YOUR GOAL: When you reach the line containing "this 2048×1366 image." in the data below, reproduce it and every line that follows, exactly and without additions.

DATA FOR PROCESSING:
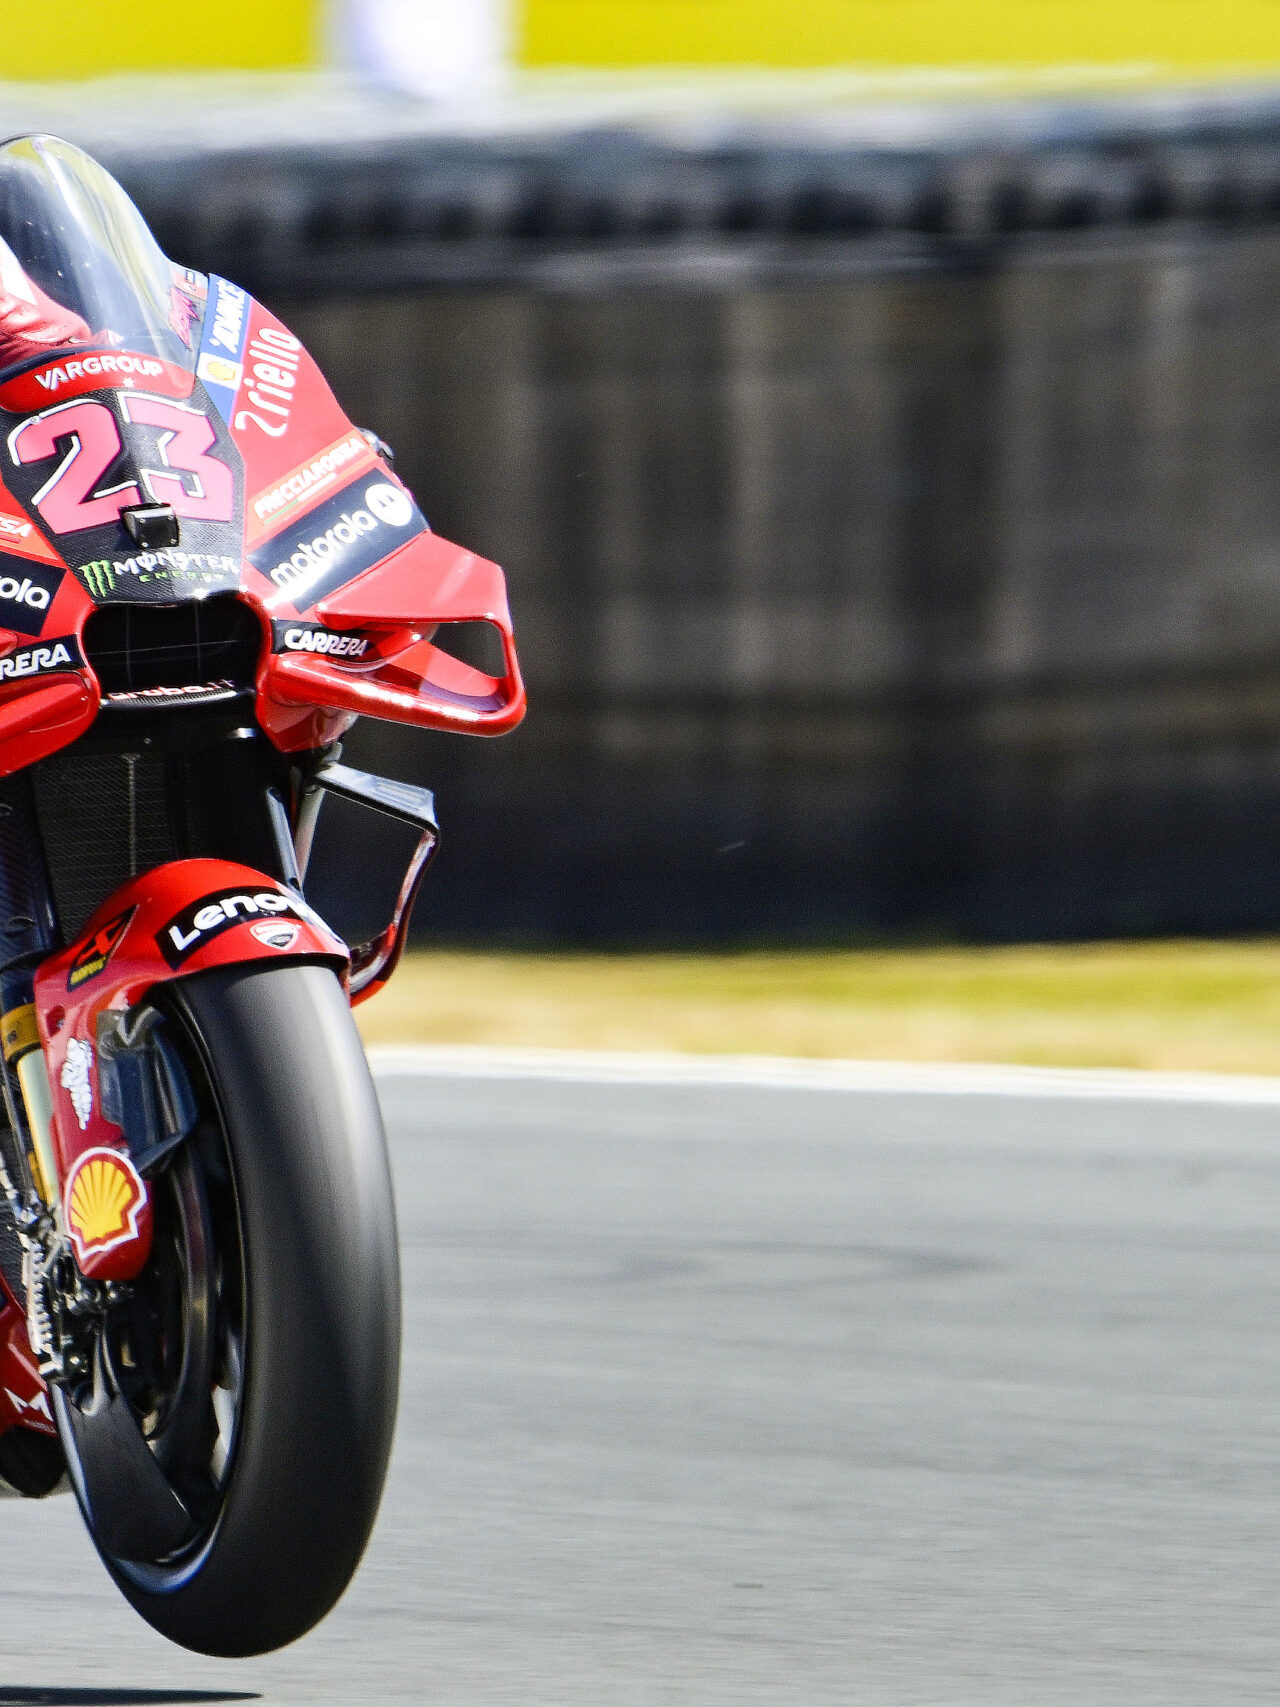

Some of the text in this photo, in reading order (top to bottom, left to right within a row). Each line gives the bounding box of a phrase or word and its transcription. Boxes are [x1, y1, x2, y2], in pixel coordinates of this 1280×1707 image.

[7, 391, 234, 535] 23
[253, 437, 366, 519] FRECCIAROSSA
[112, 548, 240, 576] MONSTER
[270, 510, 379, 590] motorola
[284, 629, 368, 656] CARRERA
[168, 893, 312, 951] Leno
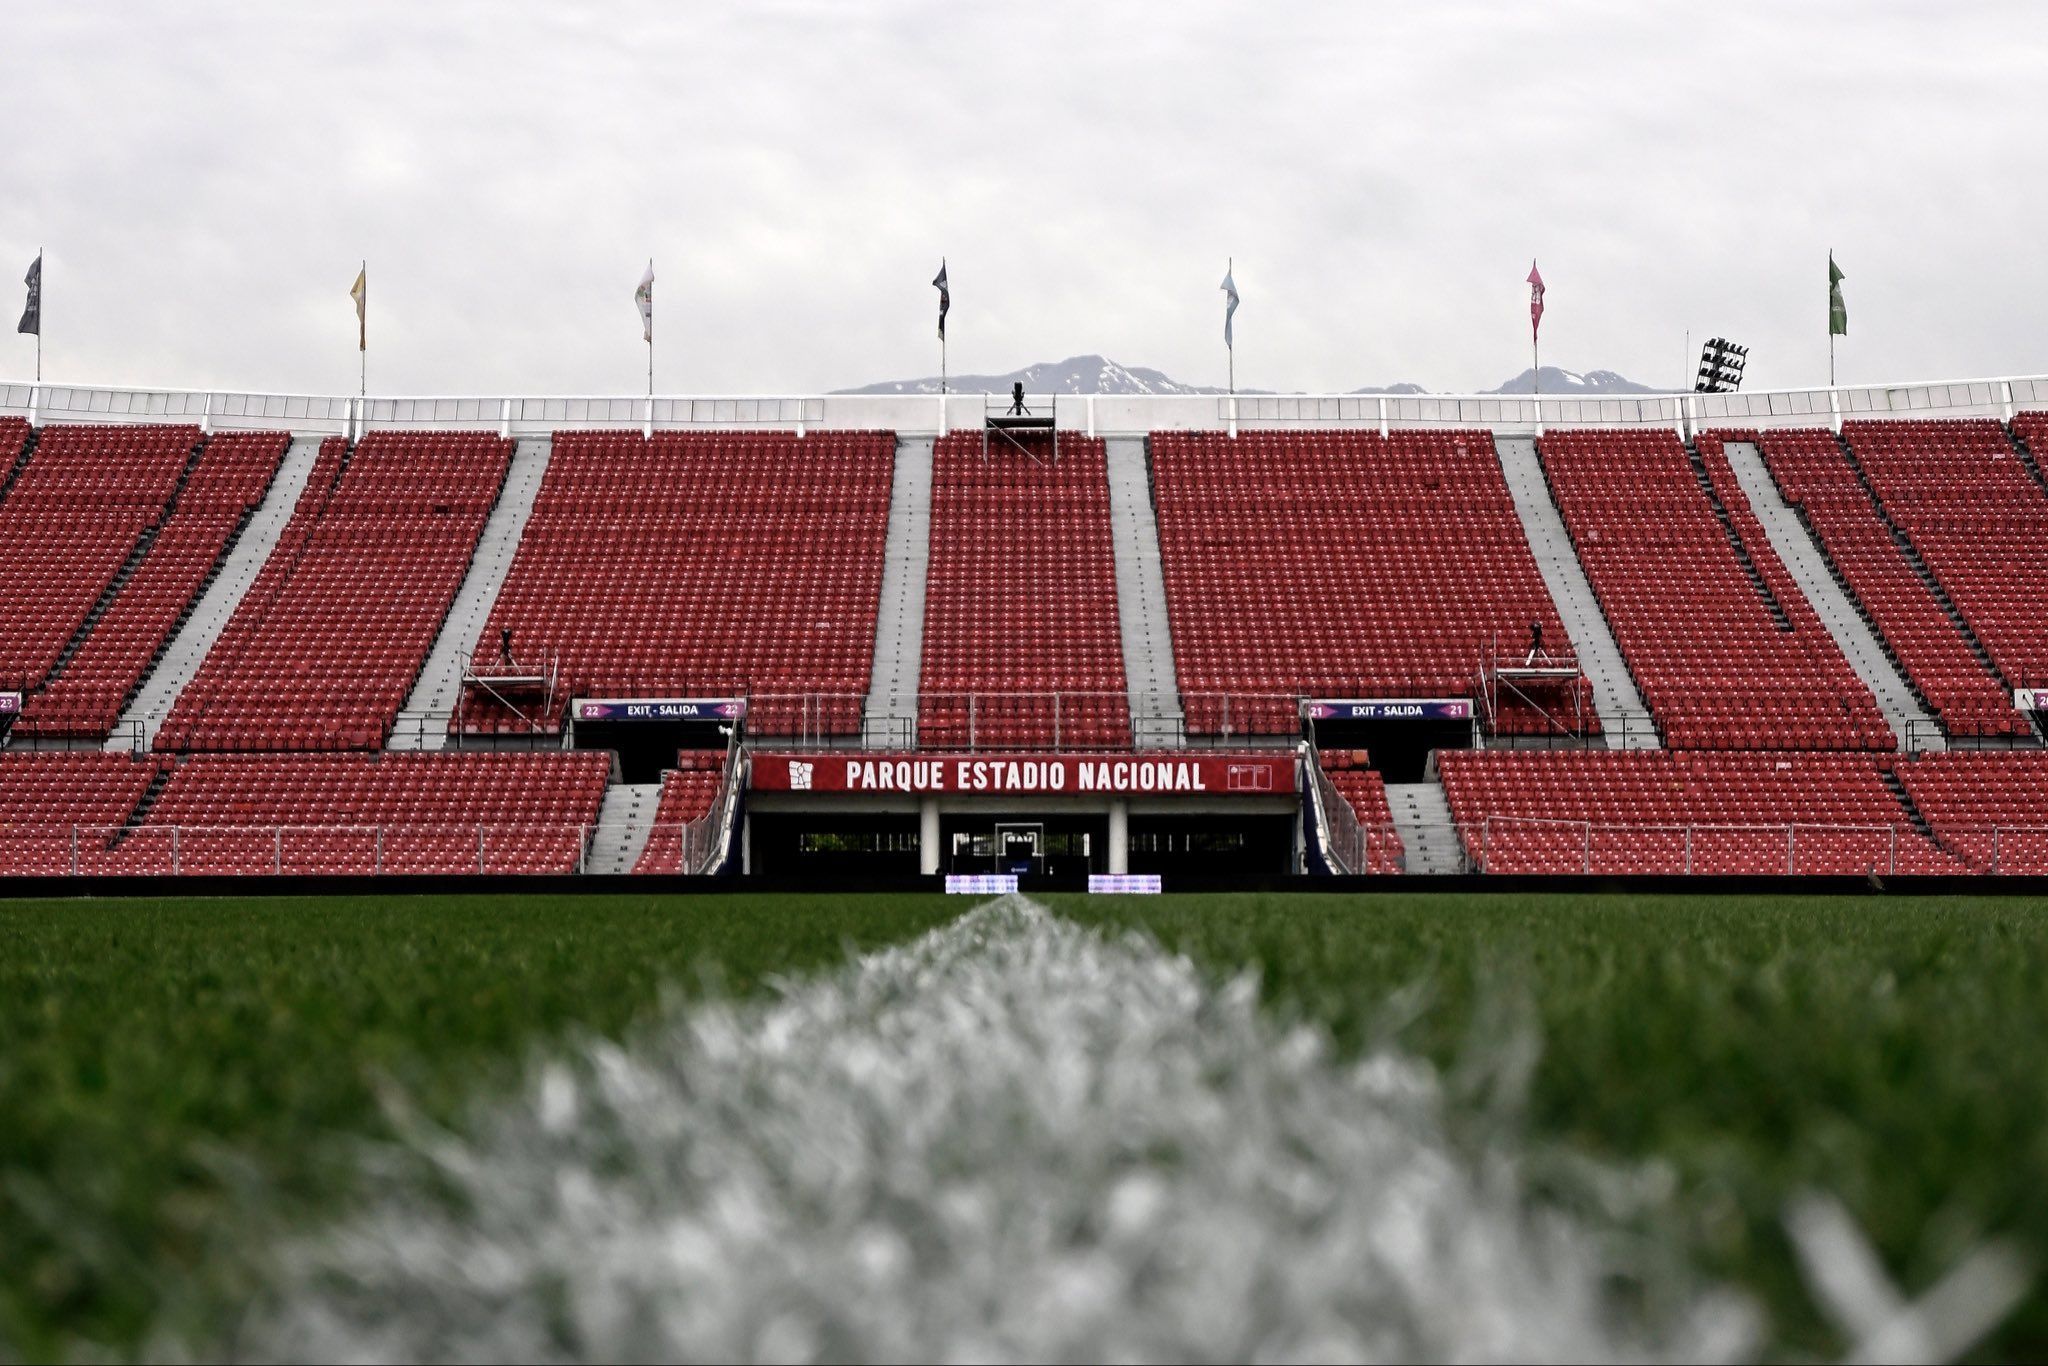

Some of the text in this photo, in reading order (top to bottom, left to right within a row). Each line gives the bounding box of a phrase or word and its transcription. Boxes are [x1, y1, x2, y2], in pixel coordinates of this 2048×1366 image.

[2040, 697, 2048, 706] 2
[586, 706, 599, 716] 22
[627, 705, 650, 715] EXIT
[659, 705, 698, 715] SALIDA
[725, 704, 738, 714] 22
[1310, 706, 1322, 716] 21
[1351, 706, 1376, 716] EXIT
[1384, 705, 1423, 715] SALIDA
[1450, 705, 1462, 715] 21
[846, 760, 1206, 791] PARQUE ESTADIO NACIONAL

EXPECTED ANSWER:
Some of the text in this photo, in reading order (top to bottom, left to right within a row). Each line gives the bounding box of a phrase or word and its transcription. Boxes are [x1, y1, x2, y2], in pixel coordinates of this 2048×1366 image.

[2040, 697, 2048, 706] 2
[586, 706, 599, 716] 22
[627, 705, 650, 715] EXIT
[659, 705, 698, 715] SALIDA
[725, 704, 738, 714] 22
[1310, 706, 1322, 716] 21
[1351, 706, 1376, 716] EXIT
[1384, 705, 1423, 715] SALIDA
[1450, 705, 1462, 715] 21
[846, 760, 1206, 791] PARQUE ESTADIO NACIONAL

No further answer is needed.